A study conducted in Maine, USA “randomly assigned half of the district’s 16 Kindergarten classes to use iPads for nine weeks. In all, 129 students used an iPad, while 137 students were taught without an iPad. Each of the 266 students were tested before and after the iPads were introduced into the classroom,” reported LoopInsight.com. Ultimately, the study showed Kindergarten students that used iPads in the classroom scored higher on literacy tests than students who didn’t.
On a higher level, in 2013, UC Irvine reported that their first class to receive iPads scored an average of 23% higher on national exams than previous classes, even though their incoming GPA and MCAT scores were comparable.
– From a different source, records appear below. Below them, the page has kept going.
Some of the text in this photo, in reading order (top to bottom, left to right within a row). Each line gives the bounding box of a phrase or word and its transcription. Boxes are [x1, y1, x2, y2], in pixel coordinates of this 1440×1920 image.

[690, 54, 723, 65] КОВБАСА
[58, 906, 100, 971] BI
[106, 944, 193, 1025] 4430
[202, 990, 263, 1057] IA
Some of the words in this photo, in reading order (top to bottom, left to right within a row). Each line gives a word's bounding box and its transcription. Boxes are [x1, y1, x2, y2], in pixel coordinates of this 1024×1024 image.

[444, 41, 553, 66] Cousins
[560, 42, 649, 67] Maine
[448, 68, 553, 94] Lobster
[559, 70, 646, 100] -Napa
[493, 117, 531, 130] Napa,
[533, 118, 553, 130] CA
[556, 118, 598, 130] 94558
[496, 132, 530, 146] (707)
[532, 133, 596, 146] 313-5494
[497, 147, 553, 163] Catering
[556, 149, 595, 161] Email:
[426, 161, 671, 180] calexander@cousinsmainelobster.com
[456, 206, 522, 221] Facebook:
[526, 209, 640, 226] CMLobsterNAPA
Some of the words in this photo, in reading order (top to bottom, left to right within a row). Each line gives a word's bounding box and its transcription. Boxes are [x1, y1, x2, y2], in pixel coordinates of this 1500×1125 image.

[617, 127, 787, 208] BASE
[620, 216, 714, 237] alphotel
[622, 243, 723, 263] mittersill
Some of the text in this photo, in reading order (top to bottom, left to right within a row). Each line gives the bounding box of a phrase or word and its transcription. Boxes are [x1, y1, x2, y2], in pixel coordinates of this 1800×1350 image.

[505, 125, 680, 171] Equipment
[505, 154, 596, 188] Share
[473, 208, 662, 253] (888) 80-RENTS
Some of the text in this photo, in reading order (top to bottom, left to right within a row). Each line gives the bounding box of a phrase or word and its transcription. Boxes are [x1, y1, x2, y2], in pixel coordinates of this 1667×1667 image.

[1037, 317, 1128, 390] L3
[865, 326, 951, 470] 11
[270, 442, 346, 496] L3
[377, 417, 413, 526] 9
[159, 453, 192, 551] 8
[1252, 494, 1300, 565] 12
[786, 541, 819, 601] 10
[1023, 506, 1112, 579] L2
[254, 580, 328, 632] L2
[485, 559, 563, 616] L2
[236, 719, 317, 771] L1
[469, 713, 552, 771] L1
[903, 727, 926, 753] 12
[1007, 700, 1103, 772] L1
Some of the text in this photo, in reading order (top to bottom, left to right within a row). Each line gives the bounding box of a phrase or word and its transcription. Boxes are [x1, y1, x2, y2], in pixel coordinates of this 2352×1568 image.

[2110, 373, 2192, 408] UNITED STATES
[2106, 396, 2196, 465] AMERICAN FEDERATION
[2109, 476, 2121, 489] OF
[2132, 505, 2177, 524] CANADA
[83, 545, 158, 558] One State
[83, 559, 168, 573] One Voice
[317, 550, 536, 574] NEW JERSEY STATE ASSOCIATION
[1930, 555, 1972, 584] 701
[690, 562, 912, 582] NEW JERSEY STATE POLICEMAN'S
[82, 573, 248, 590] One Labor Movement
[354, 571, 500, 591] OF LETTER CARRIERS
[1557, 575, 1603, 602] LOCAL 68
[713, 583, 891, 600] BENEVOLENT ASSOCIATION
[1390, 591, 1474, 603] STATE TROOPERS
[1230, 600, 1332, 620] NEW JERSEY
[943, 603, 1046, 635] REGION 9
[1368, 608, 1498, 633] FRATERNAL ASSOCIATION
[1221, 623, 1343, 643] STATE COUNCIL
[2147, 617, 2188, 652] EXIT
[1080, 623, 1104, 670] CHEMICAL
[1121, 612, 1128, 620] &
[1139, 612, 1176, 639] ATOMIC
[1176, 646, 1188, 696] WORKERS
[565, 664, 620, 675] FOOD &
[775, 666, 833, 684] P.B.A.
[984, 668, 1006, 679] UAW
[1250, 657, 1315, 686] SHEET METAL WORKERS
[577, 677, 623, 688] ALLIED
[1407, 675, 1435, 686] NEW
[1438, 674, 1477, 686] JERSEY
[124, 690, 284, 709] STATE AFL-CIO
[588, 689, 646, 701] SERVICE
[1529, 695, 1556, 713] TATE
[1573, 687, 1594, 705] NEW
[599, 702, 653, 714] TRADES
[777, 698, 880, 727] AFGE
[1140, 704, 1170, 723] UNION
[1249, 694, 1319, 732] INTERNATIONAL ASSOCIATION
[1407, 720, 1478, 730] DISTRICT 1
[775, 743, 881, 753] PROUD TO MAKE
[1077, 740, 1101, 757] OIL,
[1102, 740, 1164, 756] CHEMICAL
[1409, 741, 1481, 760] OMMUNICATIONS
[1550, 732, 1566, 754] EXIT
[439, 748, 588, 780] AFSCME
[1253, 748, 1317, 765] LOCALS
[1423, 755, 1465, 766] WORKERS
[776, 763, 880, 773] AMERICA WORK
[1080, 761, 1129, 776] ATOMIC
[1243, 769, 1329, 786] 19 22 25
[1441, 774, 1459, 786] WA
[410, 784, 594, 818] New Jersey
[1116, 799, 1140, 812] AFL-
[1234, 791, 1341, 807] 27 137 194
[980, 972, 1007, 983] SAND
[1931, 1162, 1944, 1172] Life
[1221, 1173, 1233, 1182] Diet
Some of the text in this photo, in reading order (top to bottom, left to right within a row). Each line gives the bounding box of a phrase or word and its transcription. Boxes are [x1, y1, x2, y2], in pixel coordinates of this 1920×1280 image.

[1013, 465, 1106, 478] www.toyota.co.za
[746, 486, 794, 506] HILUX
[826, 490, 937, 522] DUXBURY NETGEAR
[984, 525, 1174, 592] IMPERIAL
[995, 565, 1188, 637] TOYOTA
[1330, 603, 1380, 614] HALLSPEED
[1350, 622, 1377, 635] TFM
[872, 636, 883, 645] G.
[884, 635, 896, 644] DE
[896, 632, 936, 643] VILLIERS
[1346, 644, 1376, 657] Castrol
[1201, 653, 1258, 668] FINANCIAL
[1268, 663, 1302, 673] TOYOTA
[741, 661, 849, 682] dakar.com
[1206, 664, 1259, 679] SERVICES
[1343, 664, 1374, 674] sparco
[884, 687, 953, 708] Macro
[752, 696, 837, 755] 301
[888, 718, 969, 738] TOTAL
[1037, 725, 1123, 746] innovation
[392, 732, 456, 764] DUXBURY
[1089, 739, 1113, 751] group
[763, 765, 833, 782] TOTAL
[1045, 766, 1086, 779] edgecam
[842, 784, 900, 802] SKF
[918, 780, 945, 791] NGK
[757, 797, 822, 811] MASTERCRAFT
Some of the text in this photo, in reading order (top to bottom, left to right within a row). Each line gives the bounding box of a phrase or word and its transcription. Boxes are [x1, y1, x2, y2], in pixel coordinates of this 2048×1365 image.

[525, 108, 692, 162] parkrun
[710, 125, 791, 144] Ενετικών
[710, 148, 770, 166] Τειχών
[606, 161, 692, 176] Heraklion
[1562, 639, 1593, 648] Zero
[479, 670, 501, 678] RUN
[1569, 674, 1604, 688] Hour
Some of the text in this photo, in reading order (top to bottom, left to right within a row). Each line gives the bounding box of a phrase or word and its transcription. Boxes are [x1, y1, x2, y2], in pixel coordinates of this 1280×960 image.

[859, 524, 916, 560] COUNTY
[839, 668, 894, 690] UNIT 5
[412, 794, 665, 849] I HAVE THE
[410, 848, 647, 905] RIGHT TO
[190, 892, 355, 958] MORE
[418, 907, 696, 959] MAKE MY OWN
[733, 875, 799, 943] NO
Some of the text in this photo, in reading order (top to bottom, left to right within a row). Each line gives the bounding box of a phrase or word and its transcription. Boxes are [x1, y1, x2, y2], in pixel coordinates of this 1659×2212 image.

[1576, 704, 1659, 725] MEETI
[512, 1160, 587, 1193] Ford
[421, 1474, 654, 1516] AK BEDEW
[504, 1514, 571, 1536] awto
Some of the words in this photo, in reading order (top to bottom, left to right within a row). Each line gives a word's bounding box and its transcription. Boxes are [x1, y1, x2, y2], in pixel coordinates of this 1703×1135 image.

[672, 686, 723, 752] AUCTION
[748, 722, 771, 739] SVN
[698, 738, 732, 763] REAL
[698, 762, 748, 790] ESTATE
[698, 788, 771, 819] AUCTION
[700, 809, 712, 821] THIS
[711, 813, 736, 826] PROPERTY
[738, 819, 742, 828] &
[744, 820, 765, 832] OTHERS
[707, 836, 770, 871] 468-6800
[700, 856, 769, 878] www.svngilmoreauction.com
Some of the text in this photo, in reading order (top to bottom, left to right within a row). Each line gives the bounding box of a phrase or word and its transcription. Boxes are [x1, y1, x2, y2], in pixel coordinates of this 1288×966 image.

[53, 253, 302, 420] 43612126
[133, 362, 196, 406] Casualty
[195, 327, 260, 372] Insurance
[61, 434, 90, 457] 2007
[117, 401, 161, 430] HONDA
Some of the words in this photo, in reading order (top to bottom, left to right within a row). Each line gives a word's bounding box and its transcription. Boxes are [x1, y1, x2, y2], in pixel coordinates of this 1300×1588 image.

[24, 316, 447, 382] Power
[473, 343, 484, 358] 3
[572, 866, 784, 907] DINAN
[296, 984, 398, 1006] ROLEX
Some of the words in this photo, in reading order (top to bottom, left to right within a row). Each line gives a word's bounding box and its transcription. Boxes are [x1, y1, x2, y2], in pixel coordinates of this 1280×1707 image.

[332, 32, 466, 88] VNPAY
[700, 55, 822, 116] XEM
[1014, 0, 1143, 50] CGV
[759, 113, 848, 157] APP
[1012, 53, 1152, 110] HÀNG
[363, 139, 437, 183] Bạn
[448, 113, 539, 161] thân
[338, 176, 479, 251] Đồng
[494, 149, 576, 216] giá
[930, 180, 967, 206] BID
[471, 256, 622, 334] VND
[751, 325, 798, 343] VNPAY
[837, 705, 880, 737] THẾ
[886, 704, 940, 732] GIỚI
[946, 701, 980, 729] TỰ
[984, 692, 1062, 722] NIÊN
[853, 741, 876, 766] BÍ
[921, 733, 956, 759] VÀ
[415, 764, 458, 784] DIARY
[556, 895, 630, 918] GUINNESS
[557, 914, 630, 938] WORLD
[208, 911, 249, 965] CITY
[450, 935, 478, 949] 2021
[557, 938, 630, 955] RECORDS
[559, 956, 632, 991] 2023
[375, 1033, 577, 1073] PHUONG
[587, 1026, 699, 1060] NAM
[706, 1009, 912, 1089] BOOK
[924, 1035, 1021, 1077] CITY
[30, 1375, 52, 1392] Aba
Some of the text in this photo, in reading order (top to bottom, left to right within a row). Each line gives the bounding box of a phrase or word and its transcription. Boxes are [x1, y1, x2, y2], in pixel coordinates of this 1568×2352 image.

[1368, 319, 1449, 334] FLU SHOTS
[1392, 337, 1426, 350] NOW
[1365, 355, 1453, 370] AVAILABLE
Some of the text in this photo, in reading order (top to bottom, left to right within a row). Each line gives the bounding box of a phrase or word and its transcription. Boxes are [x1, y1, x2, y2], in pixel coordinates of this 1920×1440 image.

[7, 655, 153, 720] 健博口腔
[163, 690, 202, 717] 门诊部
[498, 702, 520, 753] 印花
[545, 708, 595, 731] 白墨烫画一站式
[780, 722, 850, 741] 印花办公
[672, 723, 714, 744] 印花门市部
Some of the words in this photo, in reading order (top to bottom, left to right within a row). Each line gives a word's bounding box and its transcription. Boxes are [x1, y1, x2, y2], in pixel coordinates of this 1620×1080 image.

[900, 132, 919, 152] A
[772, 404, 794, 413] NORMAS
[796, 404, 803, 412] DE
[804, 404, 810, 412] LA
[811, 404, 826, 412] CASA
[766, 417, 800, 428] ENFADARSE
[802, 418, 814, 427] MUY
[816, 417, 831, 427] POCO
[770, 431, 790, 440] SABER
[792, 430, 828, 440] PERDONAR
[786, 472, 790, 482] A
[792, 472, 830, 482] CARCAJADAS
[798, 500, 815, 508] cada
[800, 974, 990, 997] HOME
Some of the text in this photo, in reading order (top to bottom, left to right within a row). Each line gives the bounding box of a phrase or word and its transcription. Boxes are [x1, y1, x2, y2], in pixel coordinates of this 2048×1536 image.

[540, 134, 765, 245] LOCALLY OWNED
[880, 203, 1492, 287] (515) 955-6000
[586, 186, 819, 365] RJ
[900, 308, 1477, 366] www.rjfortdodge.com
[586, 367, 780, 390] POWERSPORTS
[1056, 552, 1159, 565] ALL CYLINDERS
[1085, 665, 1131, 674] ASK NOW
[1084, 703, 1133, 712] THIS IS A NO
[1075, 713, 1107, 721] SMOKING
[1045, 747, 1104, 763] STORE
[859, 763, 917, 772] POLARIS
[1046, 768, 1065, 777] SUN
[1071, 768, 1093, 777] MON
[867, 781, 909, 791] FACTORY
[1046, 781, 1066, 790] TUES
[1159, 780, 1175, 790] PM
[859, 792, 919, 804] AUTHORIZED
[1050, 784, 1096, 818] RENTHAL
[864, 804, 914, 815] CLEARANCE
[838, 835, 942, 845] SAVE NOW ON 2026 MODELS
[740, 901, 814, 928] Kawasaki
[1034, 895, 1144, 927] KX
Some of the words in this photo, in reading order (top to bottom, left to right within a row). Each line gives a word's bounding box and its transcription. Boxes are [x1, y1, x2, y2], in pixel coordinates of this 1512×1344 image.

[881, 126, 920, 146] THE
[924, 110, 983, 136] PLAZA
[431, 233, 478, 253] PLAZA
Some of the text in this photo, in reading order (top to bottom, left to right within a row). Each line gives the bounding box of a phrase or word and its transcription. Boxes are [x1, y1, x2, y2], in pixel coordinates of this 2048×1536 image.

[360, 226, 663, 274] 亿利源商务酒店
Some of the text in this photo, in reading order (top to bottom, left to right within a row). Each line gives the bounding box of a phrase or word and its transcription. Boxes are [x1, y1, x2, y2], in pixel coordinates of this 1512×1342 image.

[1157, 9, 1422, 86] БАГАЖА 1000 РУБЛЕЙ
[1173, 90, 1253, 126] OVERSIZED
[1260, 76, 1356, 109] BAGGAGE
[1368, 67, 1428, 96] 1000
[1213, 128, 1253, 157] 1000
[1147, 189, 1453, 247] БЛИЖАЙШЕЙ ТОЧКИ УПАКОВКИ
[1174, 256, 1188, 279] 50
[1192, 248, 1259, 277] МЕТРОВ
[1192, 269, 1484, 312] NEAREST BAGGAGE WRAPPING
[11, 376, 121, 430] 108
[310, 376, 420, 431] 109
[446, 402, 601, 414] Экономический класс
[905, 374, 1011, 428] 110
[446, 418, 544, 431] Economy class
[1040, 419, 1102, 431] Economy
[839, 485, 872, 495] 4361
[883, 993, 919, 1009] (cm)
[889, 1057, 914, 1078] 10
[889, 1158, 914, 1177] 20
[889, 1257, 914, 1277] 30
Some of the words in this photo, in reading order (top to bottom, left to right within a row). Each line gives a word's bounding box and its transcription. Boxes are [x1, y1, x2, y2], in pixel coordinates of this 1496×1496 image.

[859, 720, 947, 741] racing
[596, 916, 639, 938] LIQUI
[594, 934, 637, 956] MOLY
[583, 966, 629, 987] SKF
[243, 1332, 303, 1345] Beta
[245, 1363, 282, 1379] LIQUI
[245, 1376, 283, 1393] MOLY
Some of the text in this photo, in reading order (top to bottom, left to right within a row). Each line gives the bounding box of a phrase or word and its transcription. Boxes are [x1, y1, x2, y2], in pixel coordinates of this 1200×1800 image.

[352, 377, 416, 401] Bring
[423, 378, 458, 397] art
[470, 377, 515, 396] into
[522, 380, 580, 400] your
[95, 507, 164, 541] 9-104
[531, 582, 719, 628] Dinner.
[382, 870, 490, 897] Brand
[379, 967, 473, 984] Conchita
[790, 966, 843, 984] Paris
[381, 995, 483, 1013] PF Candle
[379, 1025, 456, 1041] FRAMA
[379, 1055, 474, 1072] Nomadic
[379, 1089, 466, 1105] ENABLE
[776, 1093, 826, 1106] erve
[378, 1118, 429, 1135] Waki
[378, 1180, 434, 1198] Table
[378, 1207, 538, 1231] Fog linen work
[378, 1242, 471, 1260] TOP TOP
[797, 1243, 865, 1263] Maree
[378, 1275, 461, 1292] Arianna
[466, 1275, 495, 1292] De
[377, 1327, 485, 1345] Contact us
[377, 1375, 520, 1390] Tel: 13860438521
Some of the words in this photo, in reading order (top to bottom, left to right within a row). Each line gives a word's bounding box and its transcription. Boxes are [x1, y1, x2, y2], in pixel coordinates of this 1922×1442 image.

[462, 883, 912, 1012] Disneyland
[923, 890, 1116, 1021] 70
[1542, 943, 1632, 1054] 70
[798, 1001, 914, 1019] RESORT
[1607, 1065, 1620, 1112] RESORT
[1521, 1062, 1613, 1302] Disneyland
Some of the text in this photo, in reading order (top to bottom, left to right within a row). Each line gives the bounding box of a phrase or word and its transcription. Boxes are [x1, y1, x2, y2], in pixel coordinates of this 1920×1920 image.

Apple has even published their own studies about iPad technology in the classroom. In one classroom in Charleston, 100% of the school’s Kindergartners were reading above grade level for 4 consecutive years after iPad implementation. Before iPads were introduced into the classroom, only 35% of kindergarten students were reading above grade level. At another school in Fullerton, California, the second grade students increased their reading fluency rate by 4.6 words per minute per week from one word per minute per week.